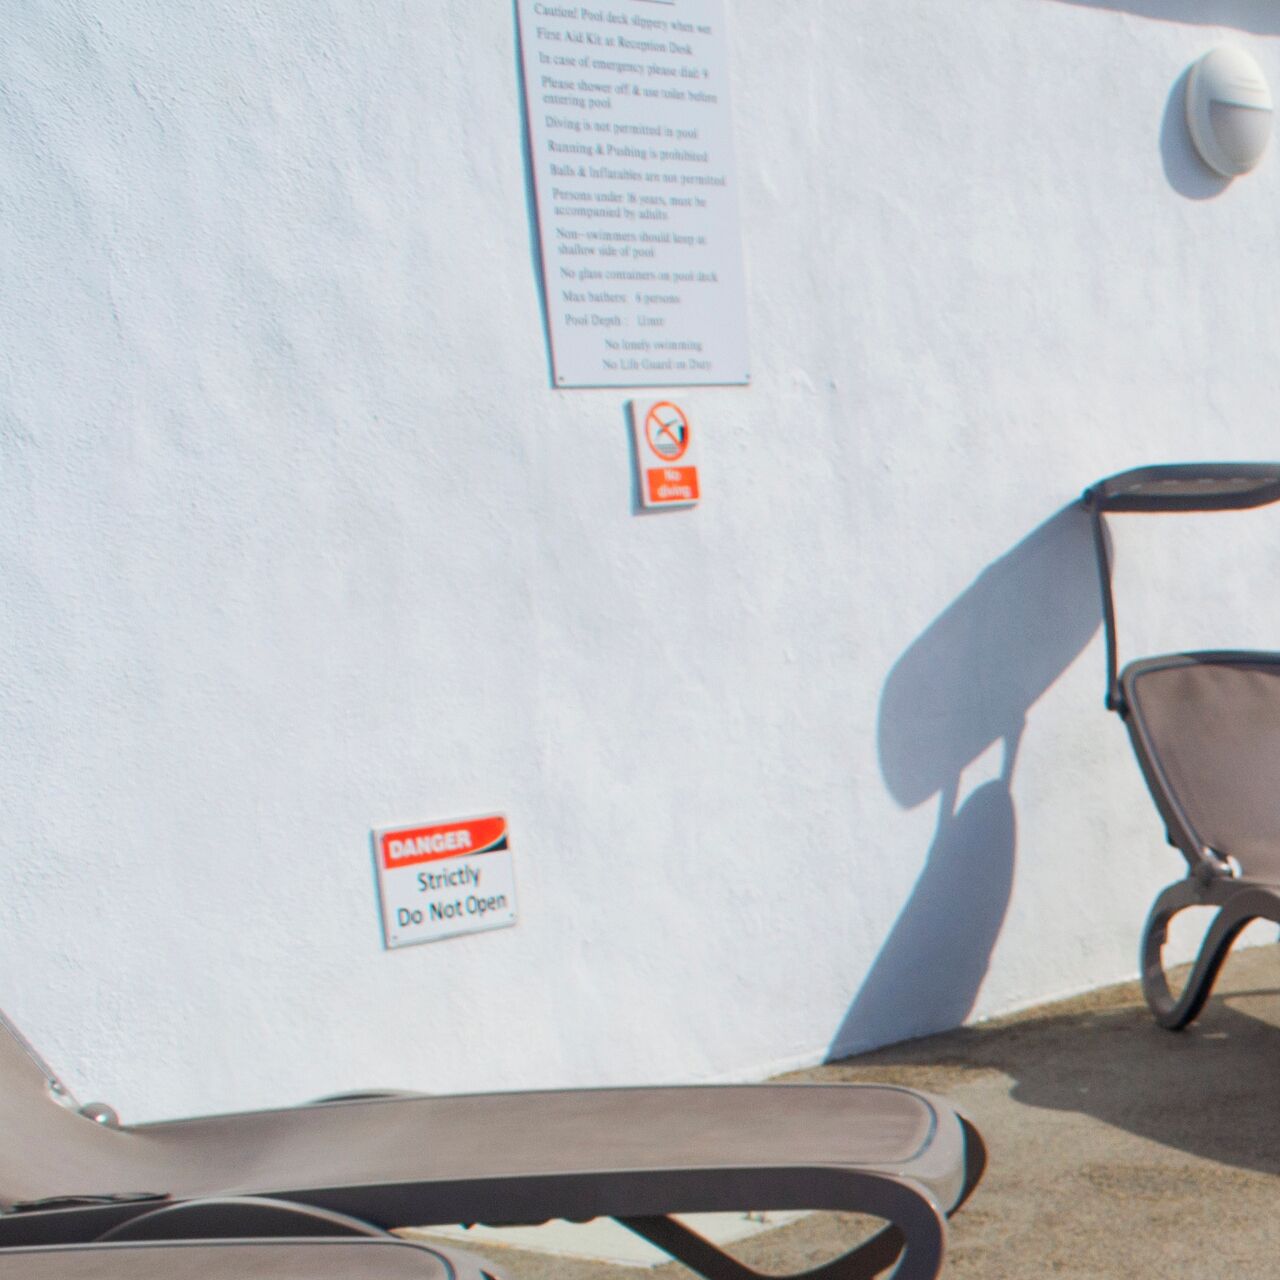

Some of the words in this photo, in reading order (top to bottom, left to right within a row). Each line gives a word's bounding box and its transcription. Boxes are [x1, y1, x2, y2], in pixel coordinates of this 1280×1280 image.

[535, 3, 577, 18] Caution!
[581, 8, 603, 22] Pool
[606, 11, 628, 24] deck
[631, 15, 667, 31] slippery
[671, 19, 694, 33] when
[698, 25, 712, 35] wet
[537, 27, 561, 40] First
[566, 30, 583, 43] Aid
[586, 32, 602, 45] Kit
[605, 37, 615, 47] at
[618, 36, 667, 52] Reception
[670, 42, 694, 55] Desk
[539, 52, 550, 63] In
[553, 56, 575, 66] case
[578, 56, 590, 67] of
[592, 60, 644, 74] emergency
[648, 63, 677, 77] please
[542, 76, 574, 89] Please
[578, 79, 612, 93] shower
[615, 82, 630, 95] off
[632, 85, 641, 96] &
[644, 89, 660, 98] use
[688, 90, 718, 104] before
[542, 94, 586, 109] entering
[589, 96, 612, 109] pool
[546, 115, 581, 132] Diving
[583, 119, 592, 130] is
[594, 120, 610, 132] not
[613, 122, 662, 136] permitted
[665, 125, 674, 137] in
[677, 127, 698, 140] pool
[548, 139, 593, 157] Running
[597, 142, 604, 155] &
[607, 143, 648, 160] Pushing
[650, 147, 659, 159] is
[661, 148, 709, 162] prohibited
[550, 163, 576, 177] Balls
[578, 165, 586, 178] &
[589, 165, 643, 181] Inflatables
[646, 172, 661, 183] are
[663, 173, 678, 184] not
[681, 174, 727, 187] permitted
[553, 187, 593, 200] Persons
[596, 190, 624, 202] under
[670, 197, 693, 208] must
[695, 195, 707, 208] be
[554, 206, 622, 220] accompanied
[624, 208, 636, 221] by
[639, 209, 669, 221] adults
[640, 230, 672, 243] should
[673, 231, 695, 247] keep
[558, 243, 595, 256] shallow
[599, 244, 617, 257] side
[620, 245, 630, 257] of
[633, 247, 656, 260] pool
[560, 266, 576, 280] No
[579, 267, 602, 282] glass
[605, 270, 657, 281] containers
[658, 271, 671, 281] on
[673, 270, 695, 284] pool
[697, 269, 719, 283] deck
[562, 289, 586, 303] Max
[644, 293, 681, 305] persons
[564, 313, 588, 327] Pool
[605, 338, 619, 350] No
[622, 339, 650, 352] lonely
[653, 340, 704, 353] swimming
[603, 358, 618, 370] No
[621, 358, 640, 370] Life
[642, 358, 672, 371] Guard
[689, 359, 713, 374] Duty
[388, 829, 473, 860] DANGER
[417, 864, 481, 892] Strictly
[396, 906, 424, 928] Do
[429, 901, 463, 921] Not
[465, 894, 507, 918] Open
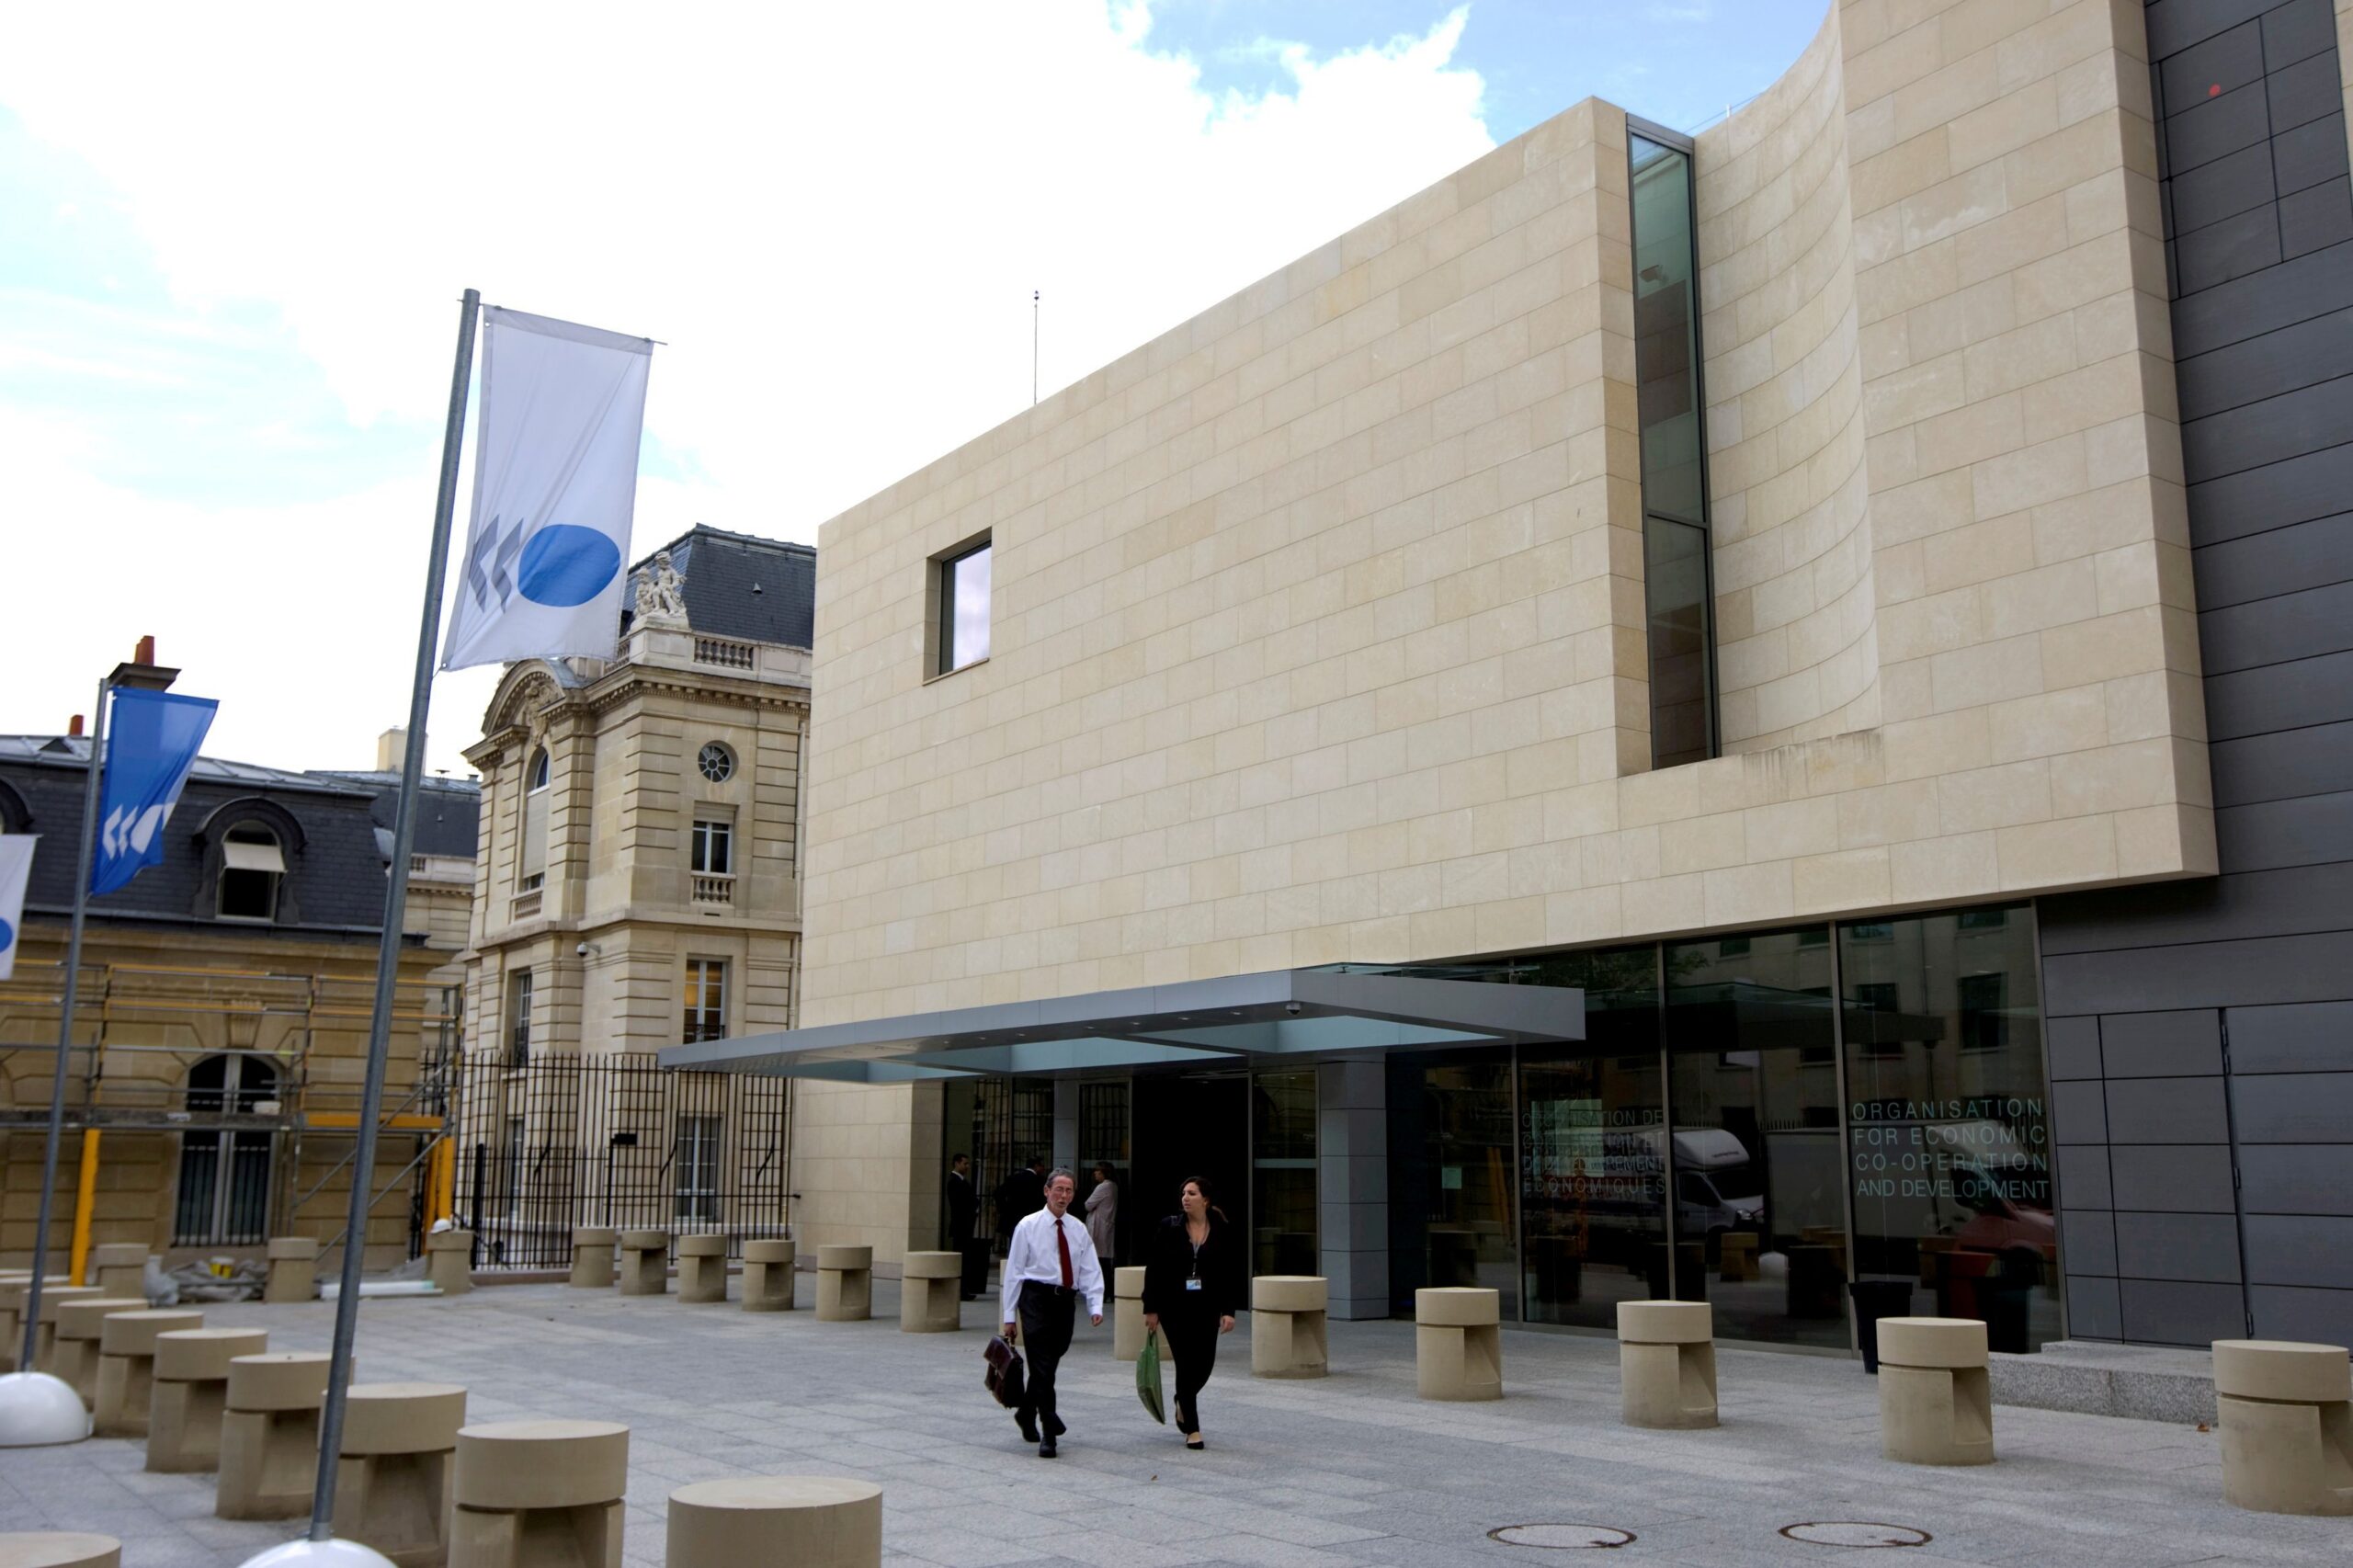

• _REQUIREMENT_:
Go through the records above and write out every line exactly, passing over the pictures.

• _OUTPUT OF THE TASK_:
Some of the words in this photo, in reading order (top to bottom, left to right within a row). Each line gives a word's bounding box and its transcription. Boxes are [x1, y1, x2, y2], in pixel coordinates of this 1280×1280 image.

[535, 3, 577, 18] Caution!
[581, 8, 603, 22] Pool
[606, 11, 628, 24] deck
[631, 15, 667, 31] slippery
[671, 19, 694, 33] when
[698, 25, 712, 35] wet
[537, 27, 561, 40] First
[566, 30, 583, 43] Aid
[586, 32, 602, 45] Kit
[605, 37, 615, 47] at
[618, 36, 667, 52] Reception
[670, 42, 694, 55] Desk
[539, 52, 550, 63] In
[553, 56, 575, 66] case
[578, 56, 590, 67] of
[592, 60, 644, 74] emergency
[648, 63, 677, 77] please
[542, 76, 574, 89] Please
[578, 79, 612, 93] shower
[615, 82, 630, 95] off
[632, 85, 641, 96] &
[644, 89, 660, 98] use
[688, 90, 718, 104] before
[542, 94, 586, 109] entering
[589, 96, 612, 109] pool
[546, 115, 581, 132] Diving
[583, 119, 592, 130] is
[594, 120, 610, 132] not
[613, 122, 662, 136] permitted
[665, 125, 674, 137] in
[677, 127, 698, 140] pool
[548, 139, 593, 157] Running
[597, 142, 604, 155] &
[607, 143, 648, 160] Pushing
[650, 147, 659, 159] is
[661, 148, 709, 162] prohibited
[550, 163, 576, 177] Balls
[578, 165, 586, 178] &
[589, 165, 643, 181] Inflatables
[646, 172, 661, 183] are
[663, 173, 678, 184] not
[681, 174, 727, 187] permitted
[553, 187, 593, 200] Persons
[596, 190, 624, 202] under
[670, 197, 693, 208] must
[695, 195, 707, 208] be
[554, 206, 622, 220] accompanied
[624, 208, 636, 221] by
[639, 209, 669, 221] adults
[640, 230, 672, 243] should
[673, 231, 695, 247] keep
[558, 243, 595, 256] shallow
[599, 244, 617, 257] side
[620, 245, 630, 257] of
[633, 247, 656, 260] pool
[560, 266, 576, 280] No
[579, 267, 602, 282] glass
[605, 270, 657, 281] containers
[658, 271, 671, 281] on
[673, 270, 695, 284] pool
[697, 269, 719, 283] deck
[562, 289, 586, 303] Max
[644, 293, 681, 305] persons
[564, 313, 588, 327] Pool
[605, 338, 619, 350] No
[622, 339, 650, 352] lonely
[653, 340, 704, 353] swimming
[603, 358, 618, 370] No
[621, 358, 640, 370] Life
[642, 358, 672, 371] Guard
[689, 359, 713, 374] Duty
[388, 829, 473, 860] DANGER
[417, 864, 481, 892] Strictly
[396, 906, 424, 928] Do
[429, 901, 463, 921] Not
[465, 894, 507, 918] Open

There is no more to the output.